Here at the Daily Dot, we know you don’t measure a social network’s rising popularity in just numbers.
You measure it in ragetoons. When Pinterest users started making and pinning their own image macros, we knew the platform was on to something big.
You measure it in derivative works. When Pinspire managed to completely rip off Pinterest (and gain a following from users who still hadn’t been invited to Pinterest), that meant something.
And, you measure it in parody. Just as the rise of Regretsy mirrored the growing success of Etsy, Pinterest parodies are proving that in order for there to be something to make fun of, something big has already got to be there. Here are three that have caught our eye.
This was the site that tipped us off on the trend. On a platform designed for people to showcase and share things they find beautiful, valuable, and useful, PYAD finds pins that are anything but.
As covered last week, this Tumblr gives you a glimpse into the dark side of Pinterest—the things nobody should ever want or need. Things like reusable toilet paper.
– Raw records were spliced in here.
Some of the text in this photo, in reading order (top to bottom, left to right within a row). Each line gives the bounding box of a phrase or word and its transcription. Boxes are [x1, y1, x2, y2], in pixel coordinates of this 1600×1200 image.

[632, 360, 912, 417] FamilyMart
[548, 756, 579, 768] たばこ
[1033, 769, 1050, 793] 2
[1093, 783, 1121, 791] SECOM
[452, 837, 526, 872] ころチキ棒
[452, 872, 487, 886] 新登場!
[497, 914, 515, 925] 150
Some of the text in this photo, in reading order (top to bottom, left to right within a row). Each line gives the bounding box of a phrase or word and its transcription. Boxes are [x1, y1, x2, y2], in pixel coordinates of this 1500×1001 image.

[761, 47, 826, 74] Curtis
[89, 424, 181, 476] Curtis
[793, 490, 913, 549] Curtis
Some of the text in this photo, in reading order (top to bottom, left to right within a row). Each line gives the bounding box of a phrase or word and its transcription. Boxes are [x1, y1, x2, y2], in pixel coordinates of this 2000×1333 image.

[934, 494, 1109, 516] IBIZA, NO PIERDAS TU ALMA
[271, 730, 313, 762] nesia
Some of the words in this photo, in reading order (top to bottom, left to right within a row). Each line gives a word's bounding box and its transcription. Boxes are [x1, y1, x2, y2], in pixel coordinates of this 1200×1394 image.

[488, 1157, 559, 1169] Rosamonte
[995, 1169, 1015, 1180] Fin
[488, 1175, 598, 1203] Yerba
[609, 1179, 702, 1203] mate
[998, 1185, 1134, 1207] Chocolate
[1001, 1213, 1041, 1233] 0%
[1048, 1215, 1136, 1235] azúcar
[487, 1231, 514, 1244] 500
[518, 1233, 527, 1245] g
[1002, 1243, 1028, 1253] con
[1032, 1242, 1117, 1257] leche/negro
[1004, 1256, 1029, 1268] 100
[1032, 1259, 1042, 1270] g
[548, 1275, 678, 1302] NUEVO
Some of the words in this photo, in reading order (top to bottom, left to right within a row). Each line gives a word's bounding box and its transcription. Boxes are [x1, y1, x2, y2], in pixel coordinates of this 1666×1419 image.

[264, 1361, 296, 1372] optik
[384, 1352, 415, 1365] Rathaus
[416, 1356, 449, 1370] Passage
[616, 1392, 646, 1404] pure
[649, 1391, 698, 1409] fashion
The curator, who told wishes to remain anonymous, wrote, “I created this blog as a place to curate when pinterest goes wrong … a place to laugh at ourselves and our obsession with pretty, perfect things.”
When we start thinking of upcycled sweat socks as pretty or perfect, that’s when we know we need PYAD to act as the Pinterest police.
If Pinterest You Are Drunk is snarky, then WTF Pinterest is its surrealist sister. This site’s curated pins are so wacky that they probably should have never existed.
From brass knuckles with a planter for growing moss, to a ring that pierces the skin, to… well, we’re not even sure what is going on here, WTF Pinterest is the @horse_ebooks of the platform.
The one feature we wish this blog had? Explanations.
The Pintester isn’t actually laughing at Pinterest; she’s laughing at herself. Like many Pinterest users, she’s got a pinboard dedicated to ambitious craft projects she’d like to try. As it turns out, however, a pinboard does not a Martha Stewart make.
Every few days, the Pintester attempts to create a DIY project from her optimistic Pinterest backlog, with predictably unfortunate results. That beautifully photographed pin of a woman effortlessly wearing an old shirt as a skirt? Not so easy in real life. Pore-cleansing strips made out of Jell-O? Excruciatingly painful and gross.
Pinterest has us under a spell. We see our pinboards of cute clothes, interior design ideas, and stuff to make with our kids as to-do lists instead of what they really are: wishes. We admire the Pintester’s willingness to at least give these projects a try.